Demographic data of all cohorts in the ME at TOC population were similar with the majority of patients being Caucasian females at ~52 years of age. In the comparative study, an equal amount of patients had either pyelonephritis or cUTI, with ~8% of the ME population having bacteremia. Doripenem was non-inferior to levofloxacin in both studies, as shown by the respective agents microbiological cure rates in ME at 82.1% vs. 83.4% (-1.3% difference; 95% CI -8.0% to 5.5%) for the comparative study and 83.6% vs. 83.4% (+0.2% difference; 95% CI -6.6% to 7.0%) for non-comparative study. Doripenem also demonstrated non-inferiority to levofloxacin in the mMITT population for both studies with the microbiological cure rates at 79.2% vs. 78.2% (+1.0% difference; 95% CI -5.6% to 7.6%) for the comparative study and 82.5% vs. 78.2% (+4.3% difference; 95% CI -2.1% to 10.7%) for the non-comparative study, respectively. Clinical cure rates at TOC within each of the doripenem groups in comparative and non-comparative studies were 95.1% and 93.0%, respectively. Within the ME patients at TOC, the eradication rates of E. coli in the comparative and non-comparative study doripenem cohorts, were 84.4% and 92.0%, respectively; this is comparable to the levofloxacin group at 87.2%. Other organisms tested against doripenem and were mentioned as ME included K. pneumoniae, P. mirabilis, P. aeruginosa, and A. baumannii.

Safety and Tolerability

Doripenem was well tolerated in phase I-III clinical studies. As shown in Figure 2, the adverse events reported in phase III trials were generally mild with most subjects commonly experiencing: headache, diarrhea, phlebitis, elevated hepatic enzymes, rash, nausea, and anemia.^{11,15,48–50}

Figure 2

Bar graph representing the% patients reporting a drug-related adverse event to doripenem from five phase III clinical trials.

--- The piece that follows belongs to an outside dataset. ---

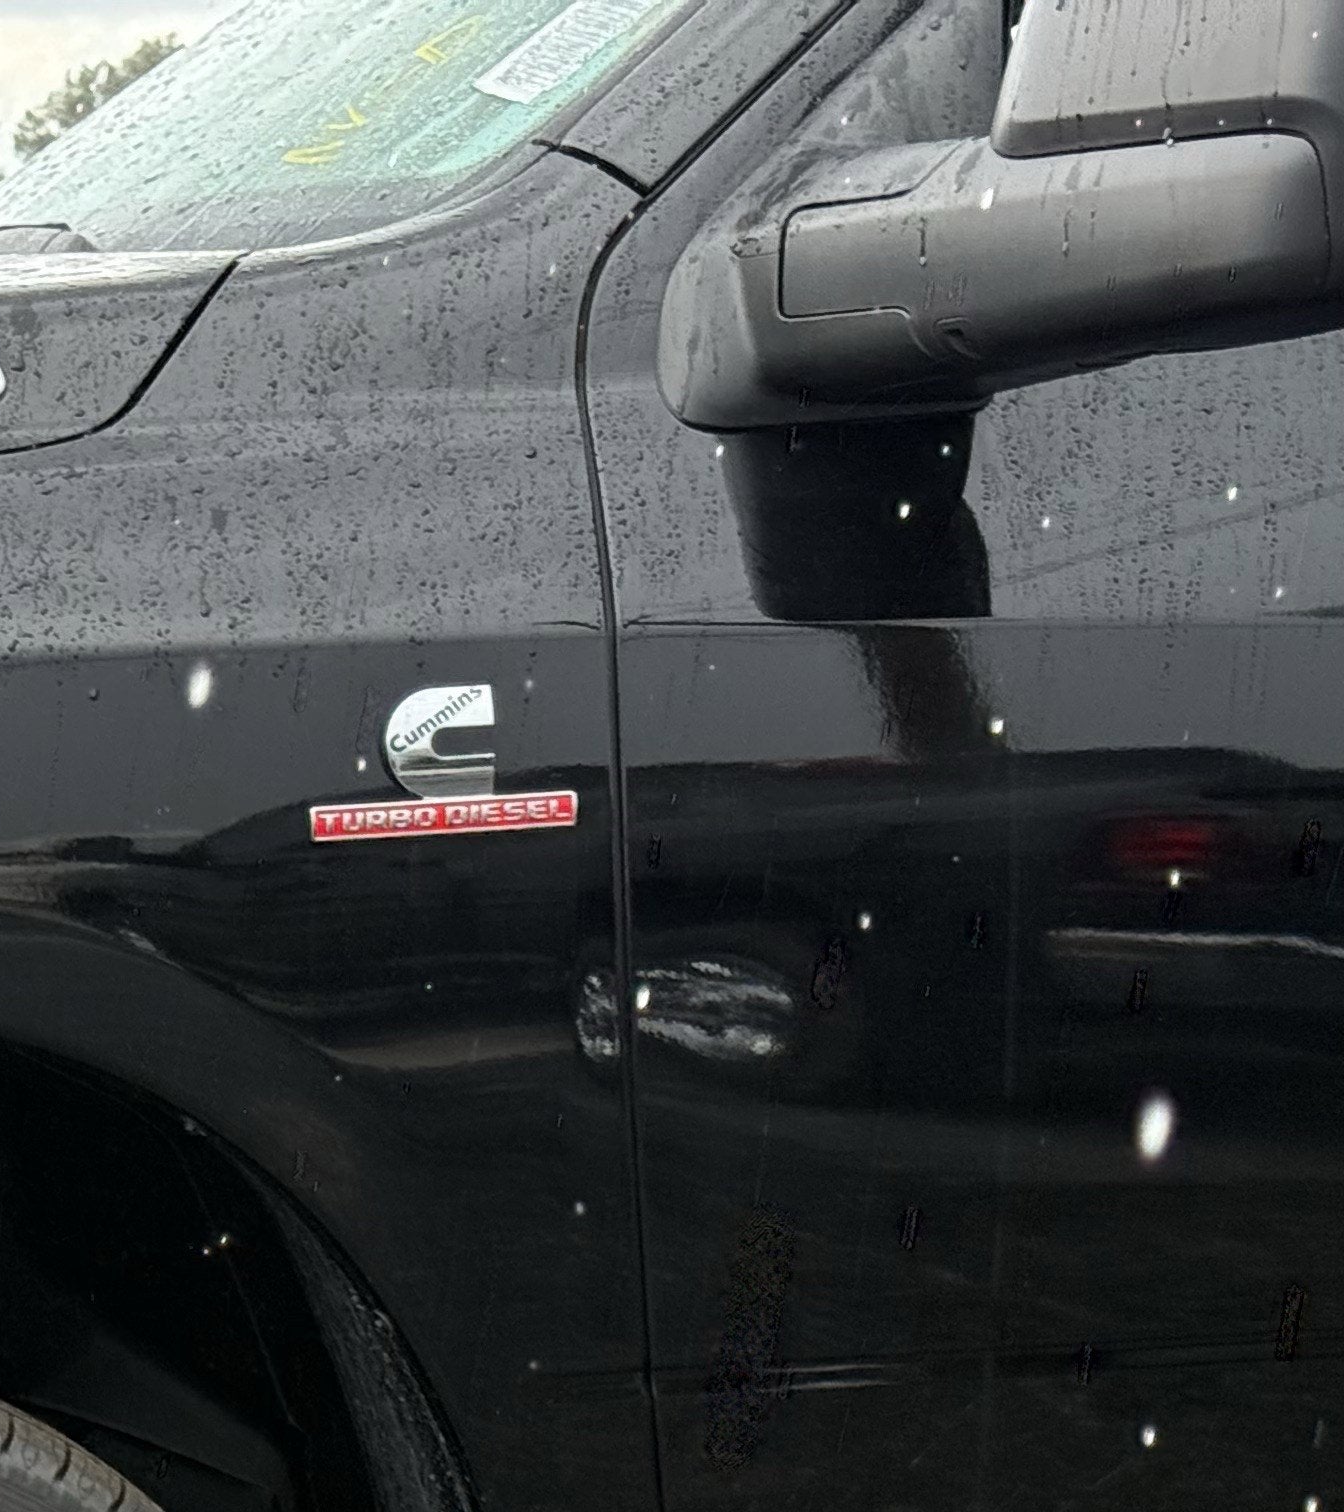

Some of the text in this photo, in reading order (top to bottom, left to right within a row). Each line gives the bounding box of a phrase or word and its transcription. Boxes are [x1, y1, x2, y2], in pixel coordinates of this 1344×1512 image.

Serious adverse events, although limited were: hypersensitivity reactions, Clostridium difficile colitis, and fungal infections (i.e. vulvomycotic and oral candidasis).¹⁵ Carbapenems have also been known to induce seizures⁵² and lower seizure thresholds in animals.^52–54 In the phase III trials no patient experienced a seizure attributed to doripenem. Horiuchi and colleagues evaluated the convulsive activity and in vitro affinity to the GABA receptor of doripenem by using several animals in a variety of different experiments. Doripenem exhibited no convulsive activity when administered intravascularly or intraventricularly unlike many of the other antibiotics used for testing. Recently, a patient was treated with a 3 g per day dose of doripenem for a central nervous system infection (ventriculitis). In the case report, no adverse events were reported.⁵⁵ Despite all this information, post-marketing surveillance has reported seizure activity to exist with doripenem use.¹⁵

In pregnant women, doripenem has been given a rating of category B.¹⁵ This is in response to doripenem not showing teratogenicity and not producing any adverse effects following its administration in pregnant animals. Unfortunately, there are no clinical trials with doripenem's use in pregnant woman, so it has been suggested that doripenem only be used when necessary. Among other specific populations, the use of doripenem in nursing mothers or pediatrics is not advised, mainly because doripenem has never been tested for safety in either population.¹⁵ When doripenem was compared between subjects with varying degrees of renal function, no serious adverse event was reported.³² However, based on the fact that only 6-8 patients were used in each cohort and only 1-2 doses were administered, careful monitoring should still be taken in renal impaired patients.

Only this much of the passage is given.